It would represent a very distinct advance in the art if an upgrading process were available which did not require hydrogen and yet provided a way to remove substantial amounts of sulfur, nitrogen, aromatics, and acidic components such as naphthenic acids, while the API gravity of the oil is improved substantially prior to the FCC process, delayed coking, hydrocracking, etc., such that the final product would have levels of sulfur, nitrogen and aromatics which are much lower and closer to the requirements of strict environmental regulations.
In accordance with certain of its aspects this invention is directed to a catalytic process for upgrading hydrocarbon feedstock containing sulfur compounds, nitrogen compounds, and aromatic compounds to substantially reduce its sulfur, nitrogen and aromatics concentrations and to reduce its specific gravity simultaneously, which comprises:
charging said hydrocarbon feedstock, without any external supply of hydrogen, to a reactor system, and
contacting said charge hydrocarbon with a catalyst consisting essentially of a high surface area activated carbon with no intentionally loaded metals at low to moderate pressures and moderate temperatures, and recovering the lower boiling hydrocarbon product having substantially less specific gravity, and having substantially lower concentrations of sulfur, nitrogen, and aromatics.
The process may also be conducted by charging the hydrocarbon feedstock, together with a particulate activated carbon catalyst to a reactor system at low to moderate pressures and moderate temperatures.
Hydrogen could optionally be used in the process to effect additional heteroatom removal, hydrocracking, and other upgrading reactions.

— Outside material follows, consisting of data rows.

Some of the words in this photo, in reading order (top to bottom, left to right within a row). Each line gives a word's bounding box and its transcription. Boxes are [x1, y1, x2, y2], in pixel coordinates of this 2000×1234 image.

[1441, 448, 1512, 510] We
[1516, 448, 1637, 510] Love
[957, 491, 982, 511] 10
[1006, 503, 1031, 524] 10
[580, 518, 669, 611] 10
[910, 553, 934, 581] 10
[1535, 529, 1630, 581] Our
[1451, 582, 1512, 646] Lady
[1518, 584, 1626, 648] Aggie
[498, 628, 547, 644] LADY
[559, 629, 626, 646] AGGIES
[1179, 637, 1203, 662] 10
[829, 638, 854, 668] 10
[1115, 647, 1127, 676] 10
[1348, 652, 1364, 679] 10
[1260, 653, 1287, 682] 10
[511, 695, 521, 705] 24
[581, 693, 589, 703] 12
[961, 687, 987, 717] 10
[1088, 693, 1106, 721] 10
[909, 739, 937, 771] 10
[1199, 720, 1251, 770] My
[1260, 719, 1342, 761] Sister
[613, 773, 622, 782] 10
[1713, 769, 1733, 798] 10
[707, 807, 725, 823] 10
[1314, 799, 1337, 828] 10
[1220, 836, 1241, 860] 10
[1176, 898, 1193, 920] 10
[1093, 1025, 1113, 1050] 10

FIG. 1 shows changes in concentration of sulfur, nitrogen and aromatics over time over an activated carbon catalyst.
FIGS. 2, 3, and 4 show the results of a comparative example conducted under identical conditions, but where the reactor is packed with low surface area alpha alumina.
In the present invention it has been discovered that substantial desulfurization, denitrogenation, and aromatics conversion of a hydrocarbon oil is effected under reaction conditions where no external hydrogen is supplied, over a high surface area activated carbon catalyst. In addition, the boiling range of the product hydrocarbon was found to be substantially lower than that of the starting feed hydrocarbon. Though not bound to any theory, this is believed to be possible due to hydrogen transfer between hydrogen donors and acceptors present in the oil, catalyzed by the activated carbon. Literature reports indicate that high surface area activated carbons can be good catalysts for transferring hydrogen from a saturated hydrocarbon to an unsaturated hydrocarbon.

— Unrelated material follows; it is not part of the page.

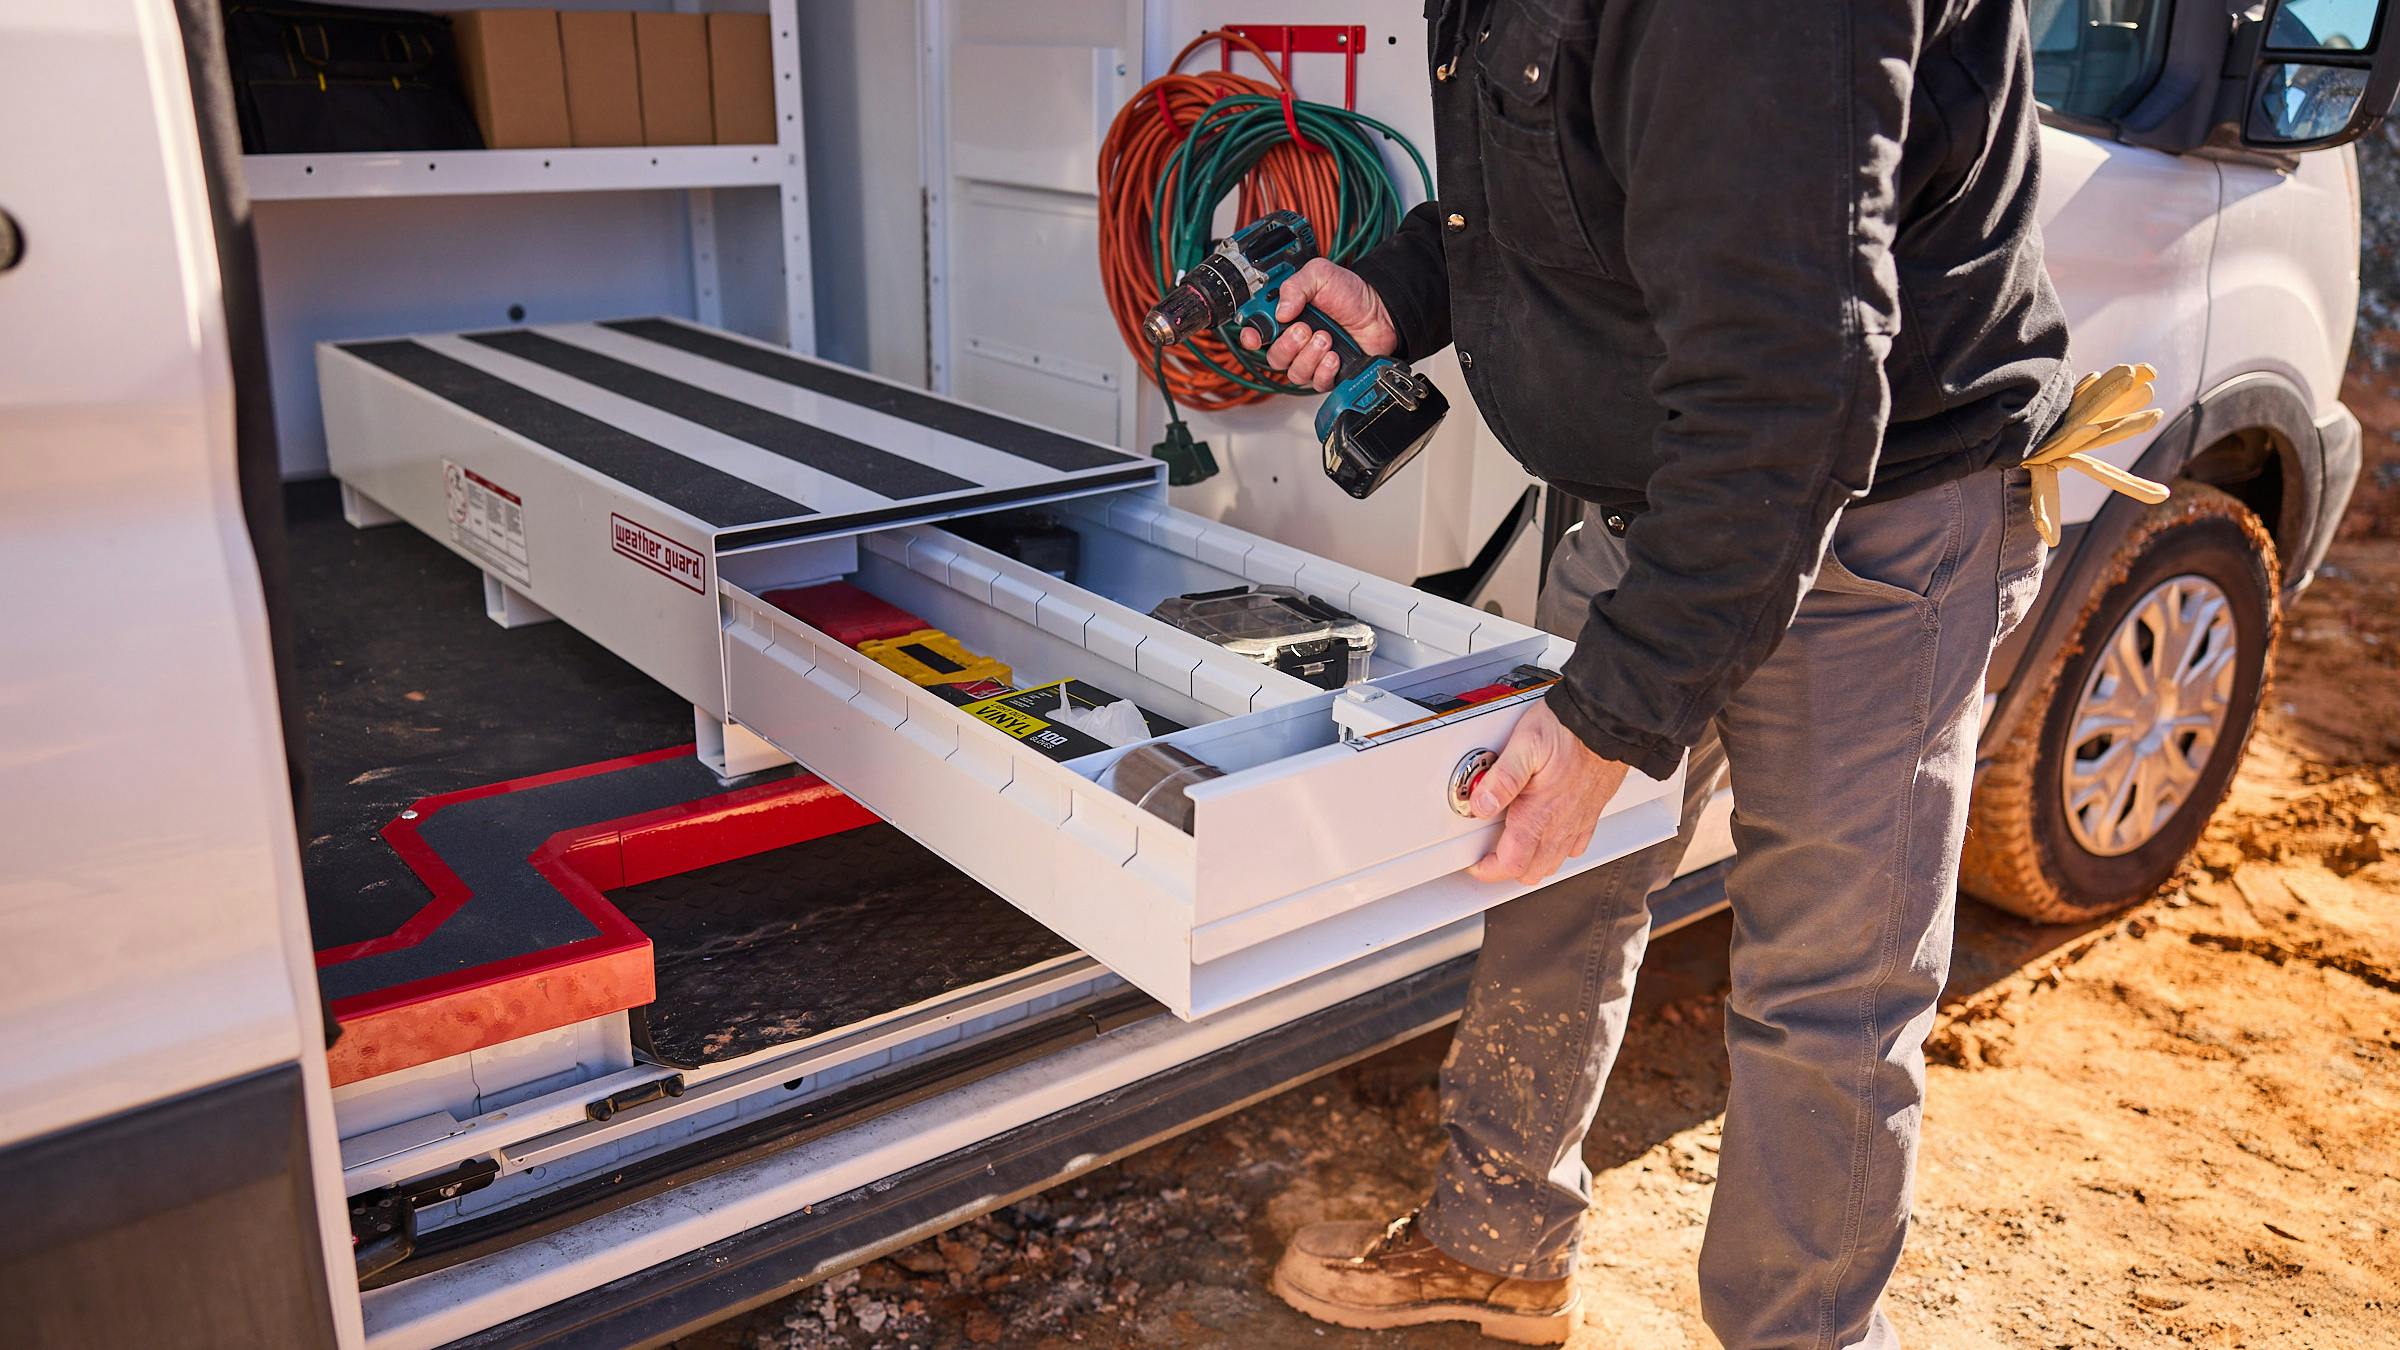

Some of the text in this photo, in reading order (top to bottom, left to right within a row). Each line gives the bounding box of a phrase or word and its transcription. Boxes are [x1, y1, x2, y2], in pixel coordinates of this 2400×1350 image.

[616, 524, 700, 580] weather guard
[976, 706, 1031, 735] VINYL
[1038, 730, 1068, 746] 100

In the present invention, for example, over 70% sulfur removal, nearly 90% nitrogen removal, and a significant 40% aromatics conversion of light atmospheric gas oil (LAGO) containing 0.71% sulfur, 500 ppm (parts per million) nitrogen and 32% aromatics by weight is observed using high surface area activated carbon catalysts, with no metals loaded, in a fixed bed flow reactor system, without any external supply of hydrogen, at a low pressure of 100 psi, at an LHSV (Liquid hourly space velocity) of 2.0 vol/vol and a temperature of 485°C The initial boiling point (IBP) of the product hydrocarbon oil was substantially lower than that of the feed light gas oil.
Important advantages which can be realized from this invention are:
(a) The process is highly economical, since the process of this invention requires no externally supplied hydrogen for upgrading. In a conventional hydrotreating process for sulfur and nitrogen removal, depending on the feed and reaction conditions, 300-2000 SCF of hydrogen is usually consumed per barrel of feed. The cost of 1000 SCF of hydrogen is between $3.00 and $4.00; therefore, the savings with the present invention is very significant.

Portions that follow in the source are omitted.